Sun. Apr 28th, 2024

Seward, Ak. Across the Bay

Seward is packed on the longest day of the year. Between salmon runs, the Sea Life Center, mountain climbing and glacier viewing, you’re lucky if you find a parking space for your bicycle. Hotels, motels, bed and breakfast services and camping grounds are full. Pedestrians spill out to the numerous walking trails, find their way to King’s Head and back and line up for cruises. There is a little-known secret, however. There is a whole bunch of Seward across the bay.

The locals give it the most unusual name of Fourth of July cove. It’s a fisherman’s world, containing shipyards, tide pools, estuaries and fabulous views of Seward across the bay. Busy hours are tidal hours. When the tide rolls in, the fishermen are out there, whether it’s six in the evening or two in the morning. When it rolls out, they go to bed, waiting for the next turn of the tide.

Life is rugged at Seward Across the Bay. No water facilities, no electric hook-up’s, no picnic tables, just a dumpster and some portable potty’s. It was the first time I had slept in a tent for several years. I was grateful to discover I still had my ground bones. I was quite comfortable sleeping on a pad with nothing but the tent lining and soft, grassy ground under it. I also discovered I had developed more sensitivity to the cold. First, my arms and hands got chilly, then my hips. During the third arrangement, I felt the cold move up from the ground. One more rearrangement, and I was finally able to sleep. It was three in the morning and the sun just beginning to peer through the mountains.

Seward Under the Midnight Sun

By nine a.m., I was toasting and kicked off all my covers, drowsing in the sauna affect for a while. I finally rolled out of my tent in my shirt sleeves, chiding myself for whimpering over a little cold weather that always rolls around in the early hours of morning and ready for my morning coffee.

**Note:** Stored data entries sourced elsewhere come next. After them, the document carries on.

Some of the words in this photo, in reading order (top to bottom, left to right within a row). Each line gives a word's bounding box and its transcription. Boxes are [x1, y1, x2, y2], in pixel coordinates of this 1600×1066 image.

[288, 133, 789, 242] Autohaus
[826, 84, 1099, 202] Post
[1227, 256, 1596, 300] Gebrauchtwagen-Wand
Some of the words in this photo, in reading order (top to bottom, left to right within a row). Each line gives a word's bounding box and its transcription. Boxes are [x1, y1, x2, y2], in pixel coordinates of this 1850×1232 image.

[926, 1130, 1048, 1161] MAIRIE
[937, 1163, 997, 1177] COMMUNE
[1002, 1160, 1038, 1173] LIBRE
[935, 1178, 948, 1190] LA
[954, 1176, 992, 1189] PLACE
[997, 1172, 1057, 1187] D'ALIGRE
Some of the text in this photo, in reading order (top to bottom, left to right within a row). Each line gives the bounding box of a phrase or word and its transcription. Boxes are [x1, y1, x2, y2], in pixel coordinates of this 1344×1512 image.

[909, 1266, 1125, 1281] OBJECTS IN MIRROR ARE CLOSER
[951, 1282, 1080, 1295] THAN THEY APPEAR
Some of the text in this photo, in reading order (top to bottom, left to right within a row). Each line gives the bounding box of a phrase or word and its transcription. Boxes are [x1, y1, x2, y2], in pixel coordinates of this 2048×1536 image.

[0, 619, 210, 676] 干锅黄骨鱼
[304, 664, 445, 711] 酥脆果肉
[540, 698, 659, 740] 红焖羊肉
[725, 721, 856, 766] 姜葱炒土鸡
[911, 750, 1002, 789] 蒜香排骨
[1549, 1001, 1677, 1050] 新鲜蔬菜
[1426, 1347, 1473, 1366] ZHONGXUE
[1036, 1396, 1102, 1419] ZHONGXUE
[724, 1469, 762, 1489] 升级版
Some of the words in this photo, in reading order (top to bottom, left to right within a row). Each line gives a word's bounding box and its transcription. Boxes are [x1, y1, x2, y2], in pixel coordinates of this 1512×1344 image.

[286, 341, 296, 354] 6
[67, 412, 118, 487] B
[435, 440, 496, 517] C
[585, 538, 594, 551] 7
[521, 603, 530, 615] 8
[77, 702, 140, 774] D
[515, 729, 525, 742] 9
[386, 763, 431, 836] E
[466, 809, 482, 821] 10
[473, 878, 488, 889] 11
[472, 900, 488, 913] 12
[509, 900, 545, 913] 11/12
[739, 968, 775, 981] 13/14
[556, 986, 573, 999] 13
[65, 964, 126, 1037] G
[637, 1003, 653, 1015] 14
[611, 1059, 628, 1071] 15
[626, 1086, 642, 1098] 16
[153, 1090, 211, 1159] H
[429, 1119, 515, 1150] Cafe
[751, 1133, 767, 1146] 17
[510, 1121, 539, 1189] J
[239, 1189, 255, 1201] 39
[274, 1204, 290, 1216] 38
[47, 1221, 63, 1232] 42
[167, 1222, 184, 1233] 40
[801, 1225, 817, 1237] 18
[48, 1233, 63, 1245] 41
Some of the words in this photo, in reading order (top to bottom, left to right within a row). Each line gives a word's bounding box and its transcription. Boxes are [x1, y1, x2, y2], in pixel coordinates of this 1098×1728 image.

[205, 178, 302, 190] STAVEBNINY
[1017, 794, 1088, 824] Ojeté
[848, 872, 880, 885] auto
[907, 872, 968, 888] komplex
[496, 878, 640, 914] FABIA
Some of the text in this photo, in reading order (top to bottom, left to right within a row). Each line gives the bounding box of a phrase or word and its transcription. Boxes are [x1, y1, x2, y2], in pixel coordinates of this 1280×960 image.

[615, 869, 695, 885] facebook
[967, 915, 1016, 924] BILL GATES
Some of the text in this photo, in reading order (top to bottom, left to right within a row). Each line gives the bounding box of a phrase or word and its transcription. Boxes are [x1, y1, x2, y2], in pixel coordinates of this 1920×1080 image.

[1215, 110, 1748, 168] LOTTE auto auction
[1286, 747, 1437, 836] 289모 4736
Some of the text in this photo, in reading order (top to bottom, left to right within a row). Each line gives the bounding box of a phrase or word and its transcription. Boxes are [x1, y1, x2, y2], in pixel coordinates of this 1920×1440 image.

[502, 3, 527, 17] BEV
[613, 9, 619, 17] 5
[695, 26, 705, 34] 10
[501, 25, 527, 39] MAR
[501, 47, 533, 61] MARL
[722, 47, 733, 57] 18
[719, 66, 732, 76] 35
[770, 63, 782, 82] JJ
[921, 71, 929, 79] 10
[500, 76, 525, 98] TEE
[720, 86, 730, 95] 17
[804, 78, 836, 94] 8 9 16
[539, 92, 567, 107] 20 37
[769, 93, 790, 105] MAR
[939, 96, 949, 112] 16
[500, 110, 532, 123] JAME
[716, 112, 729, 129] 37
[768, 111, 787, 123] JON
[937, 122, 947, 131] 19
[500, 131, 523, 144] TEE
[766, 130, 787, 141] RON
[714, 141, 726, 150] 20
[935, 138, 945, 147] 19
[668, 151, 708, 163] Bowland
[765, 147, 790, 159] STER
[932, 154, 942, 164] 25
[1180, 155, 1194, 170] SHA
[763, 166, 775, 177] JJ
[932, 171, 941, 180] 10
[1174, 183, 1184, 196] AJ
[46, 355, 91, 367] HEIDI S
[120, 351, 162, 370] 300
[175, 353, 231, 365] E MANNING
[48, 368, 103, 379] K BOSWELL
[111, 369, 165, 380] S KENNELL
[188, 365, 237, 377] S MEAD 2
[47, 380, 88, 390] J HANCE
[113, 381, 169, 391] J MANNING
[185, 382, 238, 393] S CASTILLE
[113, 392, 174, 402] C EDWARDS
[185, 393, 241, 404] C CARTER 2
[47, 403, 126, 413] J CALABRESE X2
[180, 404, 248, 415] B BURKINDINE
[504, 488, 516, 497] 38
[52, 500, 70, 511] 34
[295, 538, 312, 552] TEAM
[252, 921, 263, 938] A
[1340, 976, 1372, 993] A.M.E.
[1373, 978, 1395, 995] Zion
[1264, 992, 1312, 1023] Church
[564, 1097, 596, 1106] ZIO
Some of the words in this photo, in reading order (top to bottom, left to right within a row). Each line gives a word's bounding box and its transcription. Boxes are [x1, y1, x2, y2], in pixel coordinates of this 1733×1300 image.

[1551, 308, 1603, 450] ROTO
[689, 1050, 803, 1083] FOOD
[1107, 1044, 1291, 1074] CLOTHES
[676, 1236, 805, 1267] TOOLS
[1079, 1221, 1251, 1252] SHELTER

My camping companions were also busy, climbing into their hip waders for a little fishing, as were other veterans throughout the campgrounds.

One group of fishermen absolutely astonished me. They were all dressed in heavy winter coats, winter caps on their heads, and thick pants. If they hadn’t been struggling into bibbed chest waders, I would have thought they were going skiing. I scratched my head as they walked around the bend. I don’t know how long they remained in their heavy clothing. Perhaps, they evaporated.

I’m not a fisherman. I just like to go camping in places where people fish. There’s something invigorating about watching subsistent people catching their fish to put away for the winter, something natural and placid about it. I watched some people fish from the docked, “Alaskan Enterprise”, and thought to myself, “well there’s a fine example of our enterprise.”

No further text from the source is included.